Phrase grounding data —
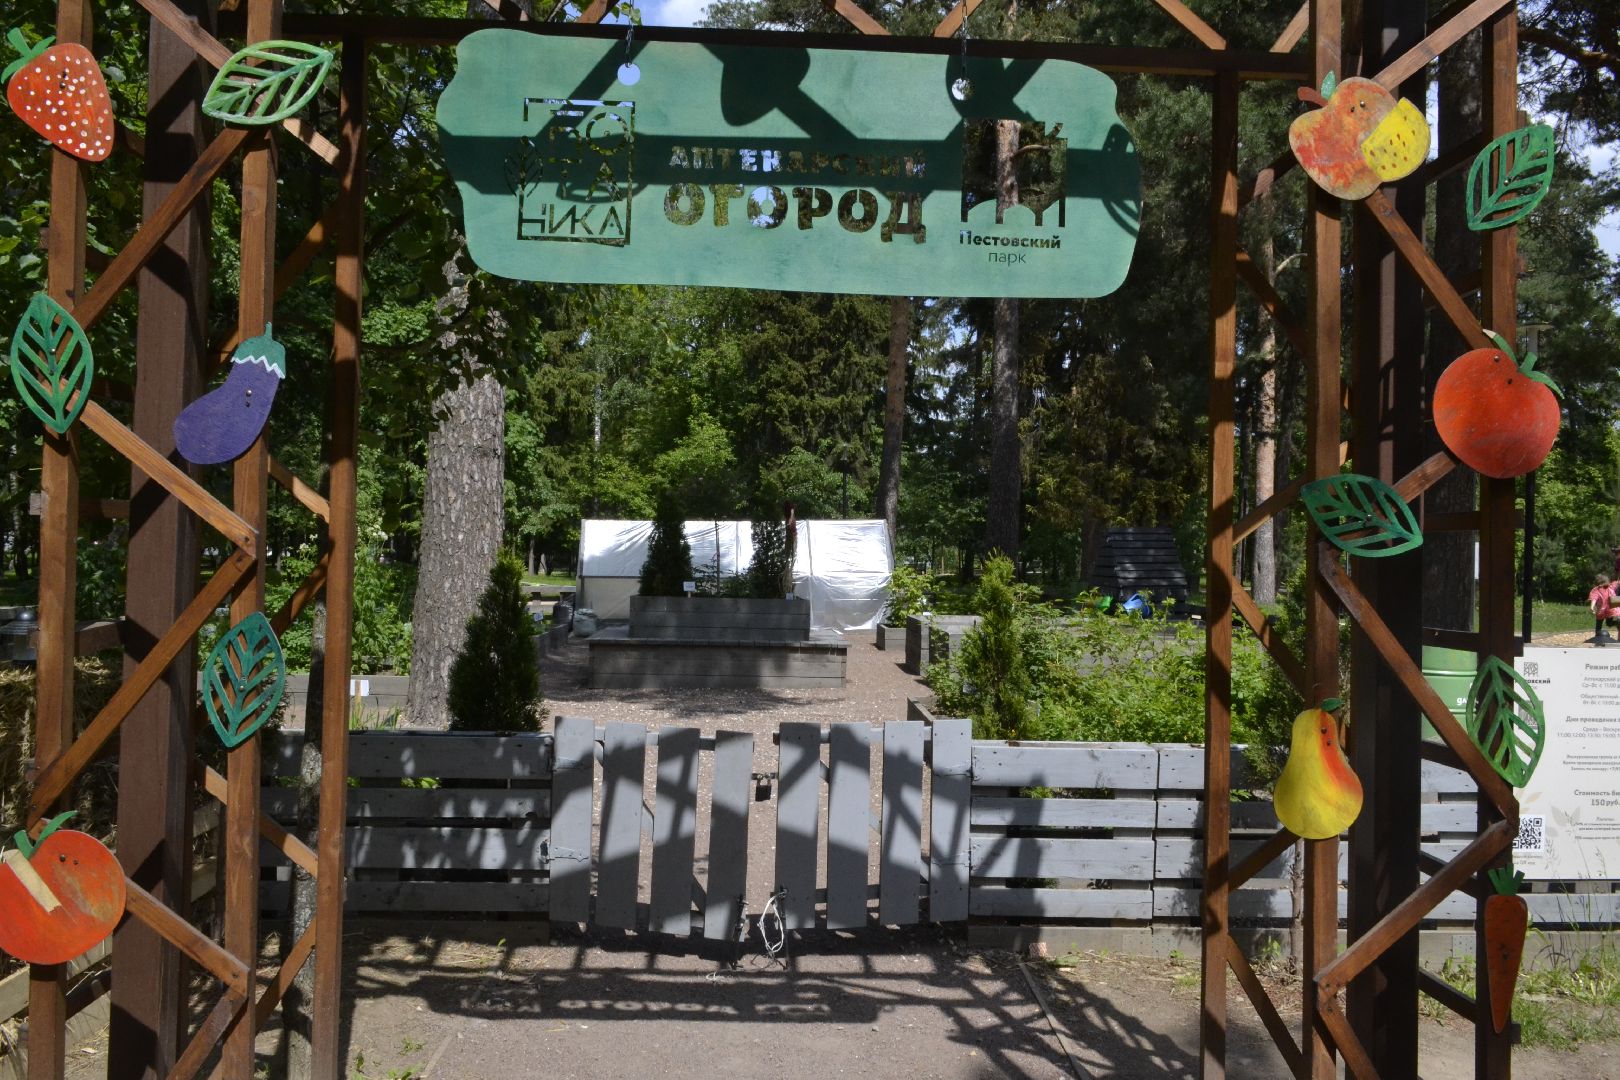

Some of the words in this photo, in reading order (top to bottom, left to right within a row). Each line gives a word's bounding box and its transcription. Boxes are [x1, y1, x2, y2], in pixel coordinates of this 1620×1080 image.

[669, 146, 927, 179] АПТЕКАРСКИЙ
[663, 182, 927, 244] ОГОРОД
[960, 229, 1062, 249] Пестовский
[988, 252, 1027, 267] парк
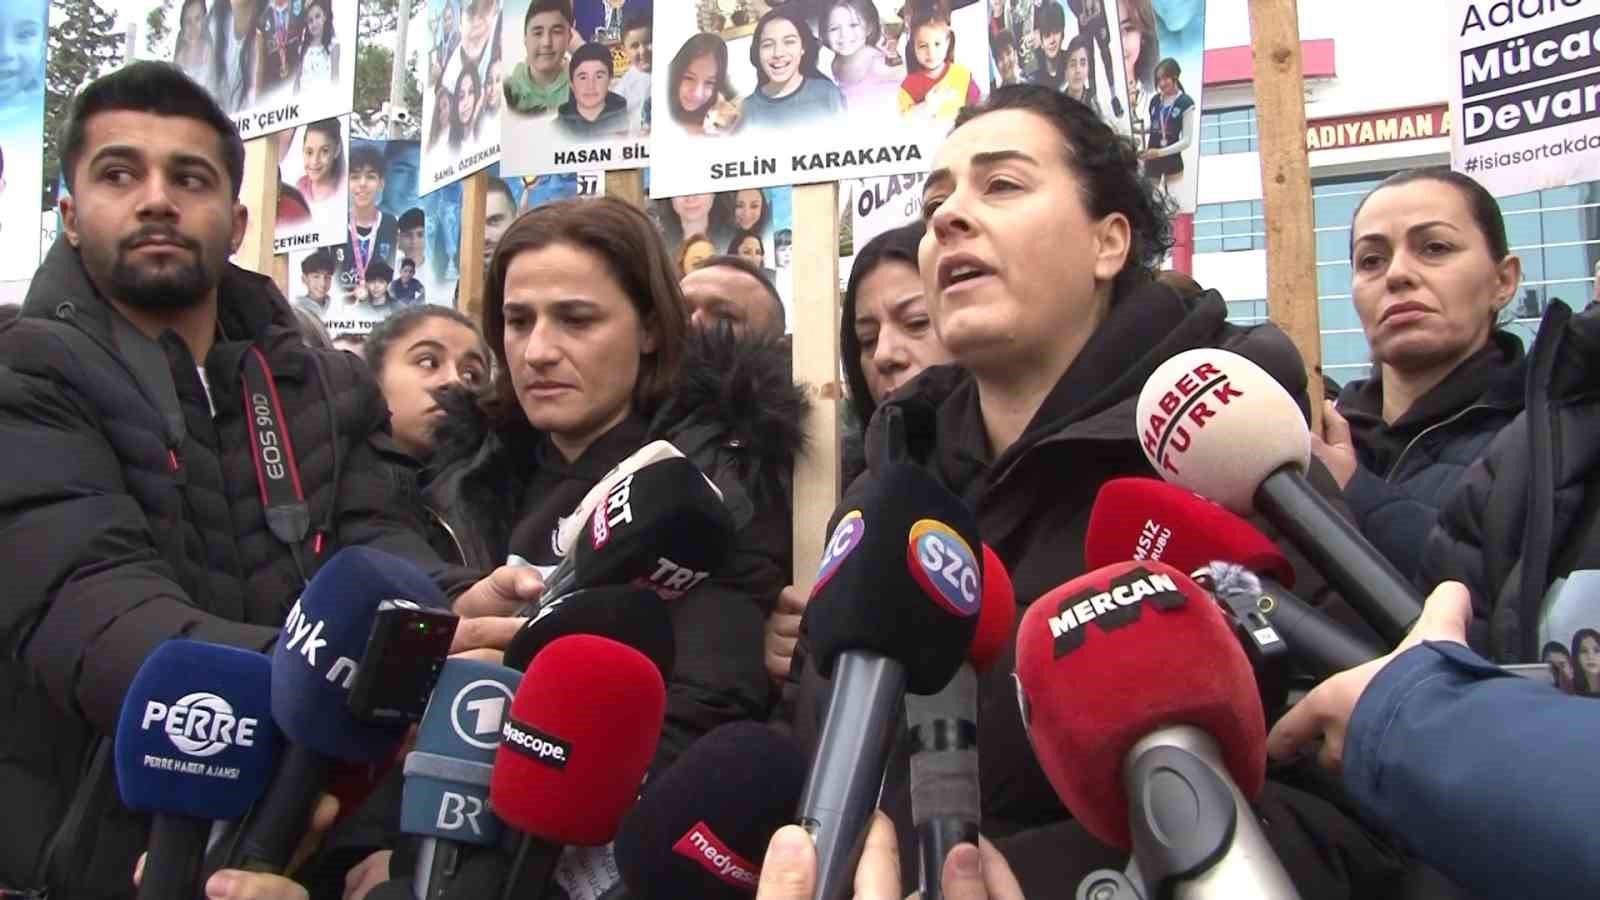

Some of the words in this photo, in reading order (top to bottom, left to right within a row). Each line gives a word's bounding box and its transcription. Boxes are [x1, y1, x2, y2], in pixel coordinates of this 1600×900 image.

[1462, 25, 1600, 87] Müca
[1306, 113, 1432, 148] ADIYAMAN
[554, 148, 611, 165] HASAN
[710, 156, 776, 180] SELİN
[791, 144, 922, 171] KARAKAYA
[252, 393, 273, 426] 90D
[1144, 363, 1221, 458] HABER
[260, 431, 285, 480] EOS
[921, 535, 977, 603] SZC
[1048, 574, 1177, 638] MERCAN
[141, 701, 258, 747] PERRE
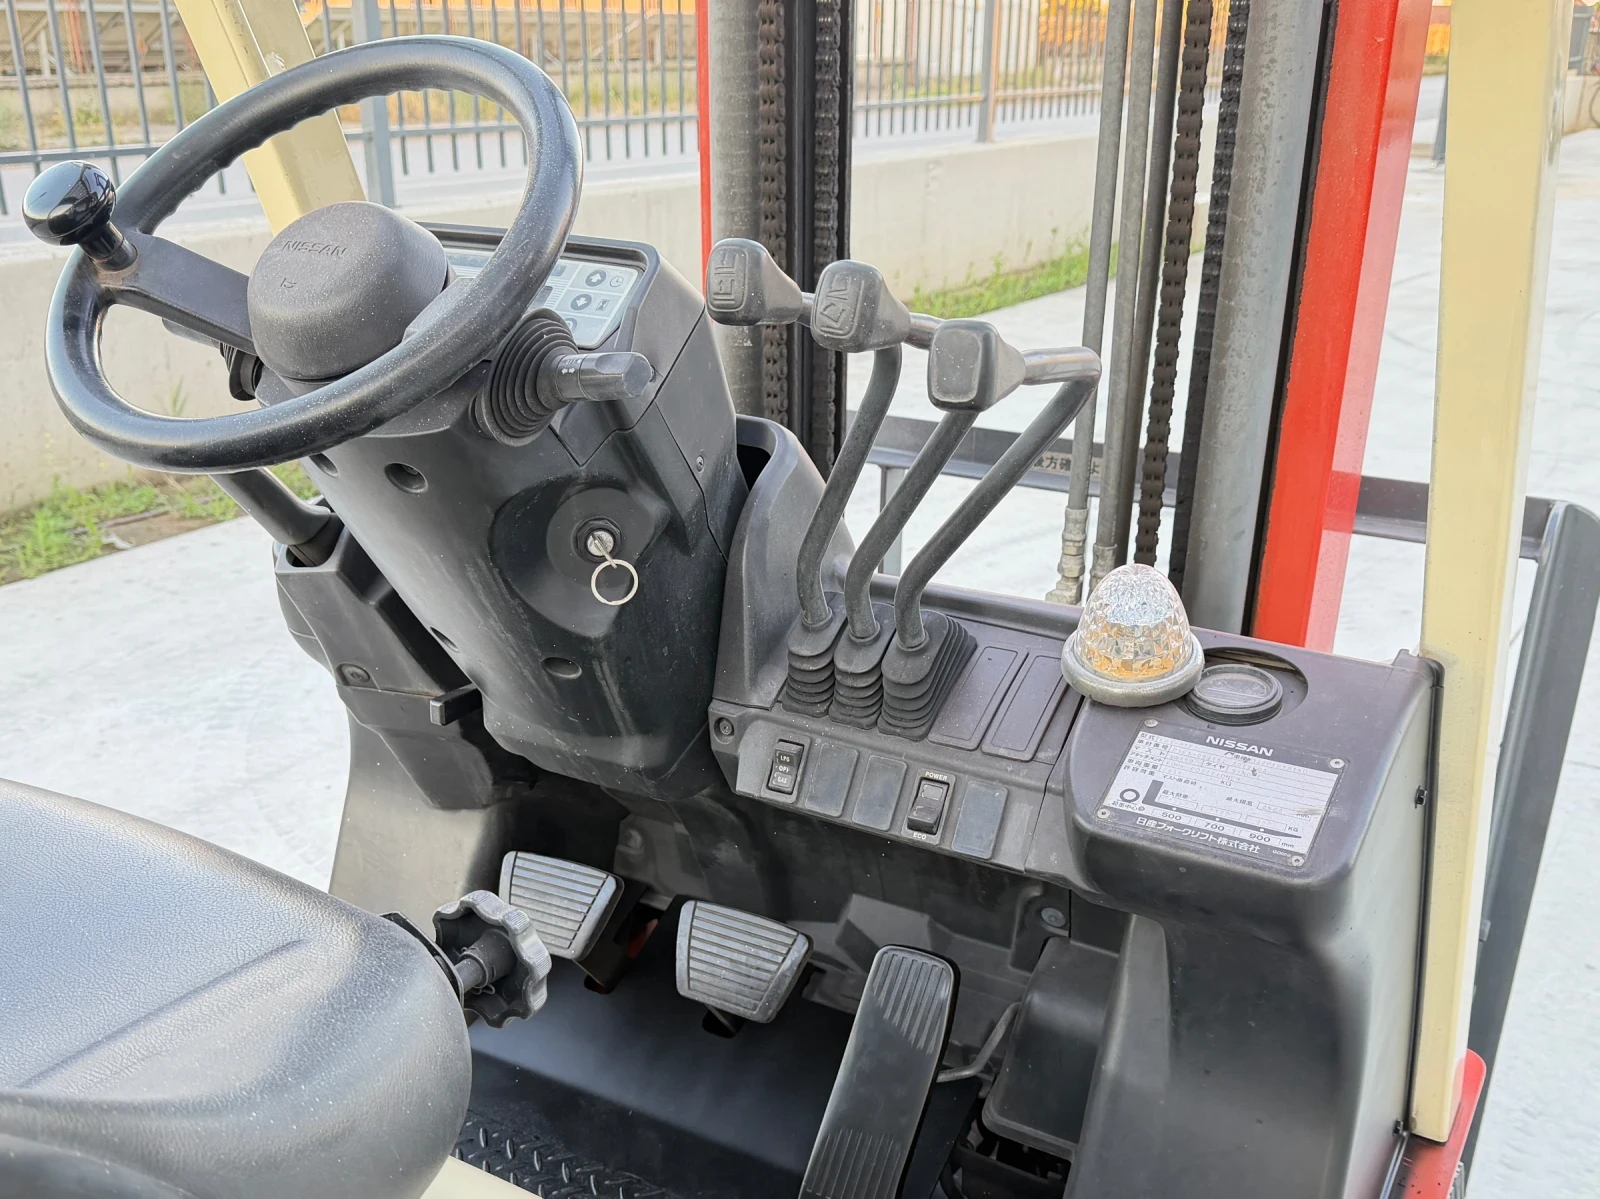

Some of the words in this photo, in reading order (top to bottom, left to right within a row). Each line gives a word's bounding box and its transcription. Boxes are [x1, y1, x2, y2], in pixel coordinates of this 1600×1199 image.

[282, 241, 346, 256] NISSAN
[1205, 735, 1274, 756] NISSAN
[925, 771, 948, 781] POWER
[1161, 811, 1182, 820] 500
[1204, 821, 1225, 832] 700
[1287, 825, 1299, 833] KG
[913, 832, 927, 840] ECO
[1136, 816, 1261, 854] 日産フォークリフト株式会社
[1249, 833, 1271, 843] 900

Work request —
Each record must be quoted in full and exactly. Do not include the pictures.

Written reply —
Some of the words in this photo, in reading order (top to bottom, left to right within a row). Each line gives a word's bounding box and its transcription. Boxes are [x1, y1, x2, y2], in pixel coordinates of this 1620×1080 image.

[669, 146, 927, 179] АПТЕКАРСКИЙ
[663, 182, 927, 244] ОГОРОД
[960, 229, 1062, 249] Пестовский
[988, 252, 1027, 267] парк

Some of the words in this photo, in reading order (top to bottom, left to right within a row). Each line gives a word's bounding box and its transcription. Boxes are [x1, y1, x2, y2], in pixel coordinates of this 1600×900 image.

[1462, 25, 1600, 87] Müca
[1306, 113, 1432, 148] ADIYAMAN
[554, 148, 611, 165] HASAN
[710, 156, 776, 180] SELİN
[791, 144, 922, 171] KARAKAYA
[252, 393, 273, 426] 90D
[1144, 363, 1221, 458] HABER
[260, 431, 285, 480] EOS
[921, 535, 977, 603] SZC
[1048, 574, 1177, 638] MERCAN
[141, 701, 258, 747] PERRE

Some of the words in this photo, in reading order (top to bottom, left to right within a row). Each line gives a word's bounding box and its transcription. Boxes are [x1, y1, x2, y2], in pixel coordinates of this 1600×1199 image.

[282, 241, 346, 256] NISSAN
[1205, 735, 1274, 756] NISSAN
[925, 771, 948, 781] POWER
[1161, 811, 1182, 820] 500
[1204, 821, 1225, 832] 700
[1287, 825, 1299, 833] KG
[913, 832, 927, 840] ECO
[1136, 816, 1261, 854] 日産フォークリフト株式会社
[1249, 833, 1271, 843] 900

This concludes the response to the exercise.